There is one honest catch. Meters in Almada are still read manually, once a quarter. That, more than any algorithm, is the real ceiling on how smart this system can be — you cannot balance the books in real time on quarterly data. The analytics are cheap and well understood. The sensing layer that would feed them is the actual gap, and the actual investment.
Getting the ILI from about 5 down toward 2 would recover something like 6,000–7,000 m³ a day — comparable to commissioning a whole new borehole field, except this water is already paid for, already pumped, and already treated. It is simply being lost.
The uncomfortable question
None of the above is a revelation. The losses were rated unsatisfactory in 2018. The renewal rate has been a fraction of what's needed for a decade. The regulator has flagged it, reports have documented it, and the physics has never been in dispute.

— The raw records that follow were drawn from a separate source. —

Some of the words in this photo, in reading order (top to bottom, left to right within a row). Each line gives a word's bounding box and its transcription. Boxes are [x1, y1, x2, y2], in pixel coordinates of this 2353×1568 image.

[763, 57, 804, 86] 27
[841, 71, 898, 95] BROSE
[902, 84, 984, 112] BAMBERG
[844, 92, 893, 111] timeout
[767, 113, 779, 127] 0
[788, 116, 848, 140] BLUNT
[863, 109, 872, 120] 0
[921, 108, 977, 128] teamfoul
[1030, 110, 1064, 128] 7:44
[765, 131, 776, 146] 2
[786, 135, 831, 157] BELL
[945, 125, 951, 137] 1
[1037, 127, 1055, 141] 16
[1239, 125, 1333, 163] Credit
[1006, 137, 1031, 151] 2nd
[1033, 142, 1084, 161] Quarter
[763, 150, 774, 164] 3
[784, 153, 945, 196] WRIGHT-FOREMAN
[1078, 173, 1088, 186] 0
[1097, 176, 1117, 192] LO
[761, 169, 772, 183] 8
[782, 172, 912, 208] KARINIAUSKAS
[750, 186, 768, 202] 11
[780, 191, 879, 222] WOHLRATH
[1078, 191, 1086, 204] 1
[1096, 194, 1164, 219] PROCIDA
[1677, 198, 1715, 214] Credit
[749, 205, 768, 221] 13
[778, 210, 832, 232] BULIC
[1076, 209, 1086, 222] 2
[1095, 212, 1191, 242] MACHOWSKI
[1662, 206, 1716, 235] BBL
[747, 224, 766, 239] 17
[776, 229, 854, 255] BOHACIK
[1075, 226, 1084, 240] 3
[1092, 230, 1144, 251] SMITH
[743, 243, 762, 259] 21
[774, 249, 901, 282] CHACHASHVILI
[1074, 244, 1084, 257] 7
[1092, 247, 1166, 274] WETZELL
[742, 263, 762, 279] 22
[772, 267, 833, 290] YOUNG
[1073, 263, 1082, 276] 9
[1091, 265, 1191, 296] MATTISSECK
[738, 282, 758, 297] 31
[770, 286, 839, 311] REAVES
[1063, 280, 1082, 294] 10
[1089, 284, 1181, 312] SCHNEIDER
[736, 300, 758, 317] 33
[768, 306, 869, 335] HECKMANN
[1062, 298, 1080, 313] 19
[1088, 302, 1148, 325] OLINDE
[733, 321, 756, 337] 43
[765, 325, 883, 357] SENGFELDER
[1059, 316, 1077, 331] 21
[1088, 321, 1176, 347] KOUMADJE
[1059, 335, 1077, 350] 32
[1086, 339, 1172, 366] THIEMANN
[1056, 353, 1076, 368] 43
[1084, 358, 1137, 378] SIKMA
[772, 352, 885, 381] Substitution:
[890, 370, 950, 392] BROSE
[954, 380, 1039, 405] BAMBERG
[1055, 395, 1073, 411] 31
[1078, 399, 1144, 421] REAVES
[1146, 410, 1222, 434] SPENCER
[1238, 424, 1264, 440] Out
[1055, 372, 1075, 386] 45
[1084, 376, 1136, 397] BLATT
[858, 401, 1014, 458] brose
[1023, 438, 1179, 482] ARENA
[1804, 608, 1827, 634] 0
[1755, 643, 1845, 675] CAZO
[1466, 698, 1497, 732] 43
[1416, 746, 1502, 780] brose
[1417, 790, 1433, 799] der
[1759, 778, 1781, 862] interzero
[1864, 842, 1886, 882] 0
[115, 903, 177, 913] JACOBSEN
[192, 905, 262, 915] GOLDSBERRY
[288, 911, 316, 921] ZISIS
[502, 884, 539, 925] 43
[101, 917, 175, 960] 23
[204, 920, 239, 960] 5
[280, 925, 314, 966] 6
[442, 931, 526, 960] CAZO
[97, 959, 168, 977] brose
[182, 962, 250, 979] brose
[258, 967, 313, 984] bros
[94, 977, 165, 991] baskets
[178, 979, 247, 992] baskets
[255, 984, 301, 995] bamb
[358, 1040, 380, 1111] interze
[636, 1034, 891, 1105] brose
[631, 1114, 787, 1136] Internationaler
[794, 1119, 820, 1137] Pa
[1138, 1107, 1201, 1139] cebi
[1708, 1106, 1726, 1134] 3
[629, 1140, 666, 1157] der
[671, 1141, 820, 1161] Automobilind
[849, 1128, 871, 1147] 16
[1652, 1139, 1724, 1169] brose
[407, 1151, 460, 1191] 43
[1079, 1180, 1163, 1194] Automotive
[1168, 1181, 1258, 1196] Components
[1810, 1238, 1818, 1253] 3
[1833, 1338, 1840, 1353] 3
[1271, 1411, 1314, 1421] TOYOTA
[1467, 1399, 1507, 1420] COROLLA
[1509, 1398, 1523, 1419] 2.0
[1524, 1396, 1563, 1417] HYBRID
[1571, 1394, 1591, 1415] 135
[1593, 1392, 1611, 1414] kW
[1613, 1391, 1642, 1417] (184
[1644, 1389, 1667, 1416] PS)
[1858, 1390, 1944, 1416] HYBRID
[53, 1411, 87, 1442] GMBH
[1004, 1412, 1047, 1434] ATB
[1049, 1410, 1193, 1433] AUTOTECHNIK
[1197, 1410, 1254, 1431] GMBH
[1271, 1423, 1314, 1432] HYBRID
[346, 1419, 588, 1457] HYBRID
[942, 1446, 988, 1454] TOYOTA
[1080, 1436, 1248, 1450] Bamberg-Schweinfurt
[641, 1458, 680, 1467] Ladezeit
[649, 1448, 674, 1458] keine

The current crisis didn't introduce a new problem — it exposed an old one that the summer heat simply made impossible to ignore.
So here is the question worth sitting with, addressed to whoever is willing to answer it:
If this has been known, measured, and named for so many years — why is not enough happening?
Sources and references
System data (February 2024 baseline)
- SMAS Almada, "Abastecimento de Água" — population served, abstraction, number of boreholes, adductor and distribution network length, pumping stations, reservoirs, storage volume, average daily consumption. https://www.smasalmada.pt/abastecimento-de-agua
- Câmara Municipal de Almada, "Serviços Municipalizados de Água e Saneamento de Almada" — service coverage and population (~177,000). https://www.cm-almada.pt/servicos-municipalizados-de-agua-e-saneamento-de-almada
Losses and network condition
- SMAS Almada, "Almada Reduz Perdas de Água" — 2018 real losses of 259 litres/connection/day, "insatisfatória" rating, Pragal and Brielas identified as worst subsystems, POSEUR loss-reduction programme. https://www.smasalmada.pt/en/almada-reduz-perdas-de-%C3%81gua
- ZAP / Expresso, "Almada: mais de 1/3 da água perde-se ou não é faturada" — ERSAR figure of 33.4% losses, municipal figure of ~35% unbilled (of which ~3.7% authorised-unbilled, ~31% real/apparent losses), decade-average mains-renewal rate of 0.42%/year. https://zap.aeiou.pt/almada-mais-de-1-3-da-agua-perde-se-ou-nao-e-faturada-reposicao-total-so-em-2-a-3-semanas-753769
- ERSAR national context (RASARP): average non-revenue water and real-loss benchmarks for public vs private operators. Regulator reporting summarised via APEMETA. https://www.apemeta.pt/pt/noticia/a-ersar-publica-o-relatorio-anual-de-caraterizacao-dos-servicos-de-aguas-e-residuos-rasarp-2024/
Methodological note: the Infrastructure Leakage Index (ILI ≈ 5), the ~11,000 m³/day real-loss estimate, the UARL floor, and the 6,000–7,000 m³/day recovery potential are the author's own derivations from the published figures above, using the standard IWA water-balance methodology. They are estimates, not audited figures, and depend on assumptions about connection count and average network pressure.